Wednesday, July 10, 2019

Elections en Grèce : quand un député s'en prend à «Libération»

Par Maria Malagardis 
Le parlementaire grec élu dimanche, Babis Papadimitriou, s'est emporté contre «Libération», après la publication d'un article sur le nouveau Premier ministre, Kyriákos Mitsotákis.
«Est-ce que tu m’autorises à insulter un peu les Européens, ou tu préfères passer d’abord une page de pub ?» interroge soudain Babis Papadimitriou en s’adressant au journaliste Aris Portosalte. Ce mardi, les deux hommes se retrouvent face à face dans l’émission que Portosalte anime chaque jour sur Skaï Fm, l’une des principales stations de radio privées grecques. Tous deux se connaissent bien. Depuis tant d’années, les deux chroniqueurs se croisent sur les plateaux télés ou dans les studios radios du groupe de médias Skaï, propriété de l’homme d’affaires Giannis Alafouzos. Depuis longtemps également, mais surtout depuis l’arrivée de la gauche au pouvoir en 2015, Skaï s’est déchaîné sans faux-semblants contre Syriza, le parti d’Alexis Tsipras. Lequel a perdu dimanche les élections face au parti conservateur Nouvelle Démocratie.

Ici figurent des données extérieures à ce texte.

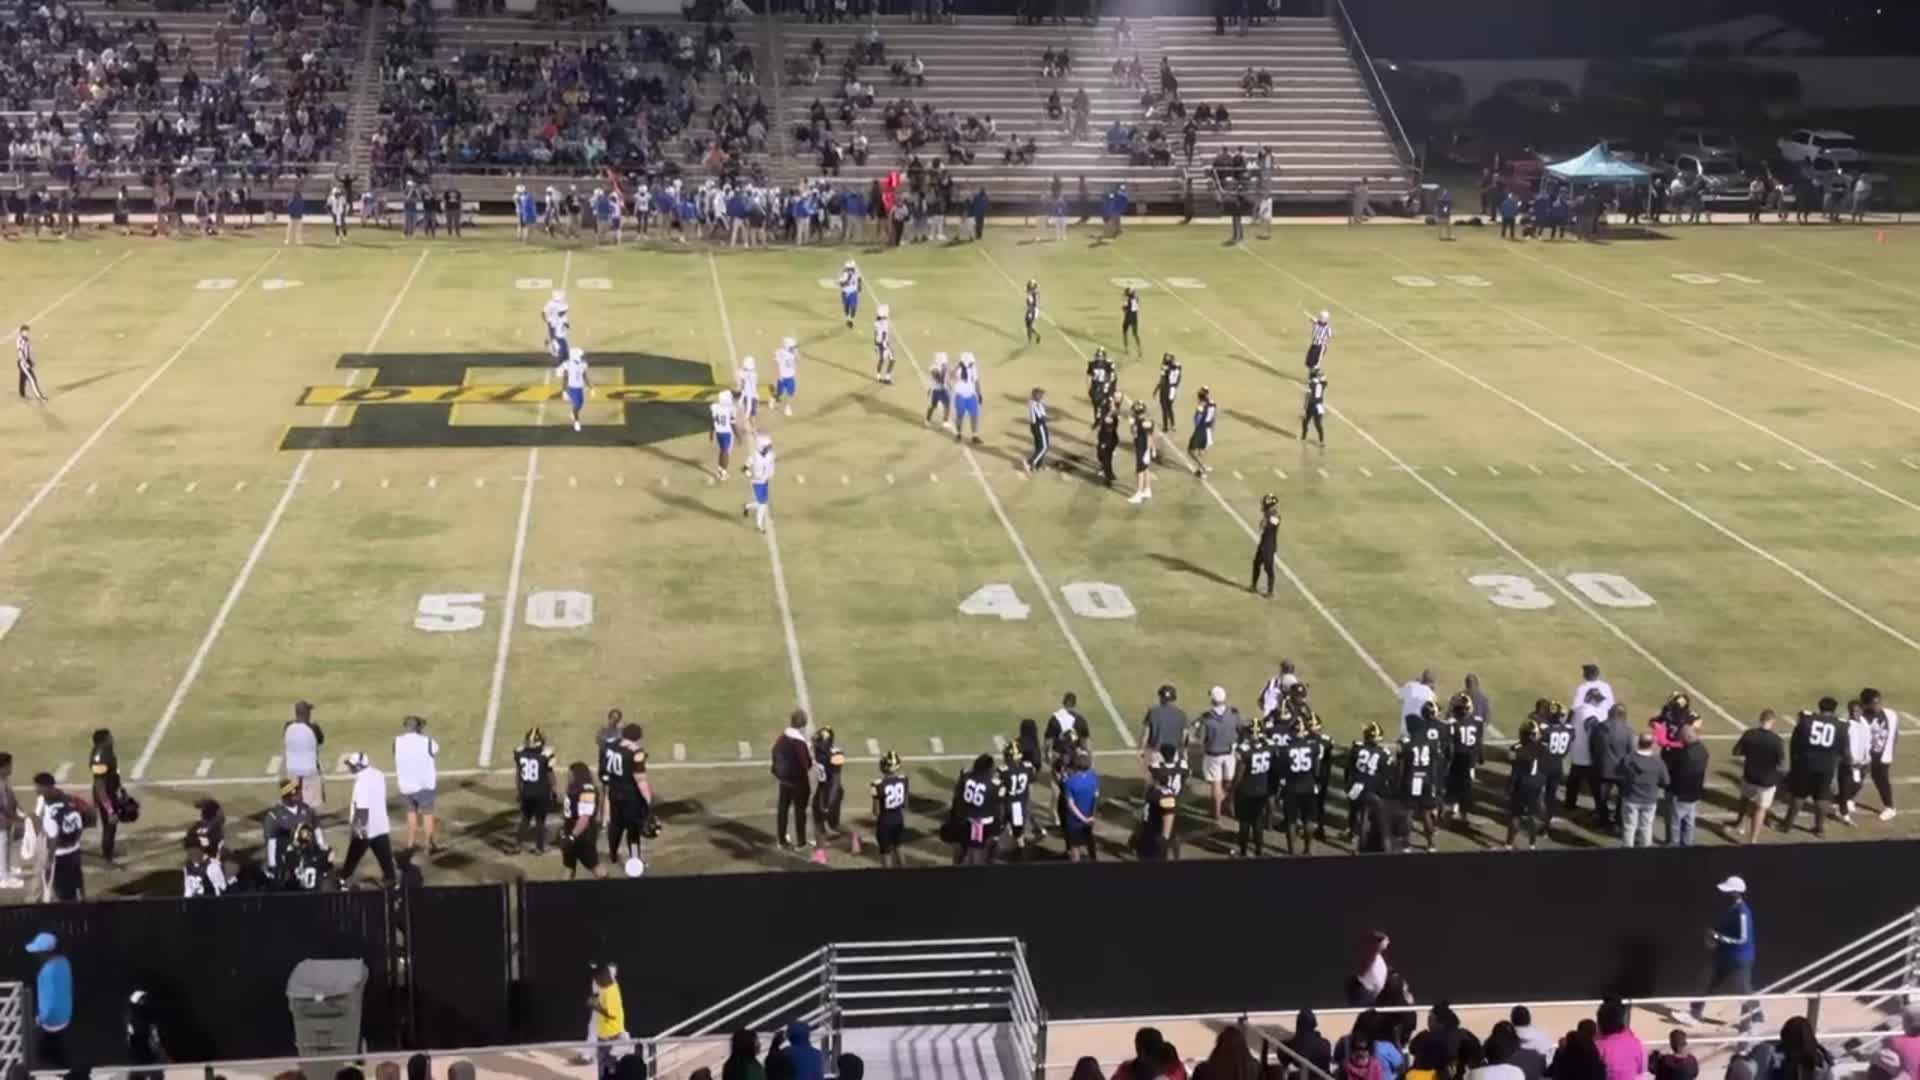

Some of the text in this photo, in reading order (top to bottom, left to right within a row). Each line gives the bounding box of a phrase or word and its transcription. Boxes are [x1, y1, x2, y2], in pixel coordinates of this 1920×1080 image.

[958, 582, 1136, 620] 40
[1467, 573, 1656, 610] 30
[414, 591, 594, 632] 50
[1460, 726, 1477, 746] 16
[1549, 732, 1570, 755] 88
[1809, 719, 1836, 748] 50
[520, 757, 539, 782] 38
[606, 748, 623, 776] 70
[1251, 751, 1271, 775] 56
[1289, 747, 1312, 773] 35
[1355, 749, 1380, 776] 24
[1412, 745, 1430, 767] 14
[963, 779, 986, 807] 66
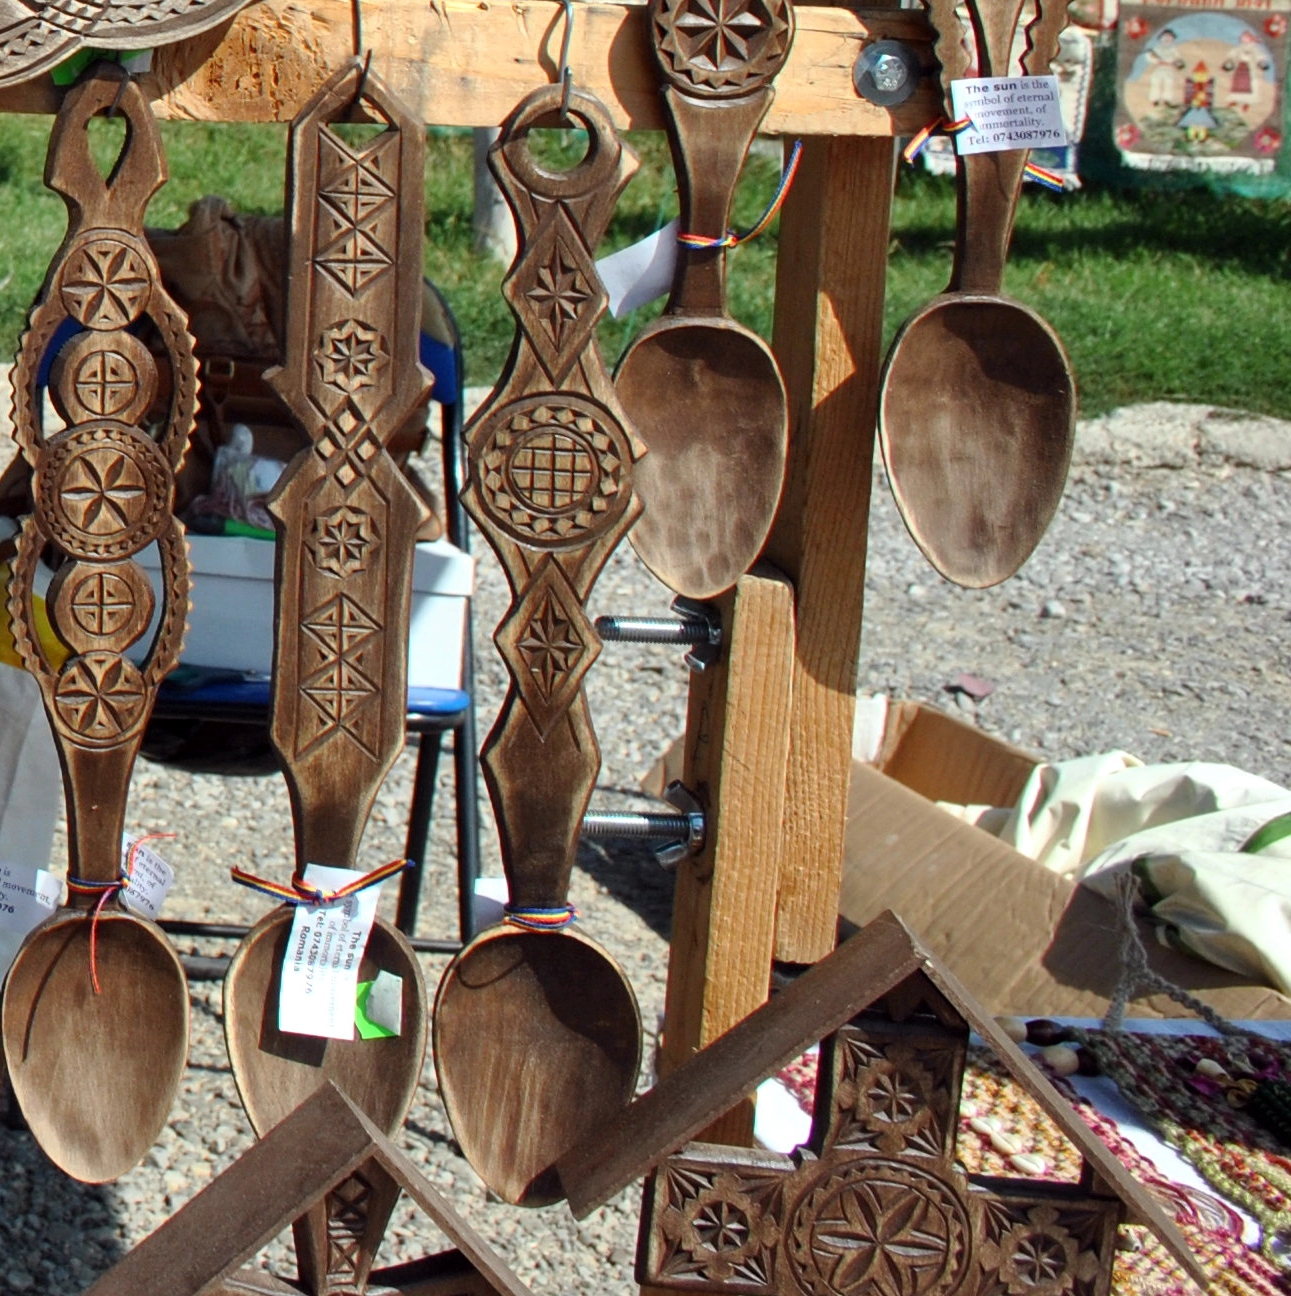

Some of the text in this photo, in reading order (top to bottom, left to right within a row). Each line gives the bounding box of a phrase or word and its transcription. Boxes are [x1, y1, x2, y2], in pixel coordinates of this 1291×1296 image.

[966, 80, 1049, 95] The sun is the
[964, 92, 1054, 109] symbol of eternal
[974, 104, 1047, 119] movement, of
[967, 129, 1060, 146] Tel: 0743087976
[3, 868, 11, 876] is
[146, 855, 153, 864] is
[154, 861, 167, 874] the
[139, 861, 166, 886] eternal
[147, 880, 156, 889] of
[328, 920, 335, 933] of
[338, 933, 346, 946] of
[350, 930, 362, 954] The
[293, 925, 311, 972] Romania
[304, 910, 327, 994] Tel: 0743087976
[343, 953, 356, 970] sun

A cette occasion Libération a publié un portrait du vainqueur des urnes, Kyriákos Mitsotákis, rappelant qu’il est parfois surnommé par ses adversaires «Koulis», diminutif un peu infantilisant qui équivaut à «petit Kyriákos». L’allusion à ce surnom dans le titre du papier de Libération a mis visiblement en rogne Papadimitriou. En guise d’insulte aux «Européens», c’est d’ailleurs la presse, et singulièrement Libération qui se retrouve visé par l’incroyable diatribe de Babis Papadimitriou. Sans éviter les outrances, ni même les erreurs les plus factuelles. Croyant bon de signaler tout de suite que Libération appartient à «une grande famille, de la branche des Rothschild» – ce qui, au passage, n’est plus le cas depuis 2014, mais il faut croire que cette «fake news» a un sens subliminal dans la bouche de celui qui la profère – Papadimitriou s’en prend à «une plèbe journalistique», englobant Libération, croit-on comprendre, mais aussi un certain nombre d’autres journaux européens non cités. Lesquels selon lui, «léchaient les pieds des membres de Syriza dans les bureaux enfumés au haschisch» de l’ex-Premier ministre Alexis Tsipras, et «écrivaient par la suite tout ce que leur dictaient leurs cerveaux embrumés de shit».

S’ensuit une nouvelle allusion aux «banquiers» qui détiendraient Libération et qui à l’entendre, «auraient gagné de l’argent» sur le dos des Grecs. L’attaque est tellement caricaturale ou ridicule qu’elle pourrait faire rire. Economiste de formation, Babis Papadimitriou n’a jamais eu peur des déclarations tonitruantes, même inexactes, qui ont fait sa réputation. En septembre 2013, il avait d’ailleurs provoqué un tollé en conseillant à Nouvelle Démocratie de s’allier à Aube Dorée, à condition que le parti néo-nazi devienne «plus sérieux». Sauf que désormais Babis Papadimitriou n’est plus dans la position du chroniqueur. Il a choisi d’entrer en politique, officiellement cette fois, et c’est en tant que nouveau député élu dimanche dans les rangs de Nouvelle Démocratie qu’il s’est exprimé mardi.

Ses propos sur Libération ou les médias étrangers, engagent donc le parti conservateur désormais au pouvoir. Pendant toute la campagne, Kyriákos Mitsotákis avait pourtant tenté d’en changer l’image, d’incarner le renouveau moderne de ce parti de droite fondé en 1974, qui a déjà gouverné plusieurs fois le pays. Les propos de l’un de ses députés, 48 heures seulement après le scrutin, ont donc de quoi inquiéter. D’autant qu’on apprenait au même moment que la chaîne publique ERT serait désormais placée sous la tutelle directe du Premier ministre. Seul aspect rassurant : l’important mouvement de soutien reçu directement à Libération ou via les réseaux sociaux, montre combien les propos de Papadimitriou ont créé le scandale. Espérons que le chef du gouvernement saura en prendre la mesure.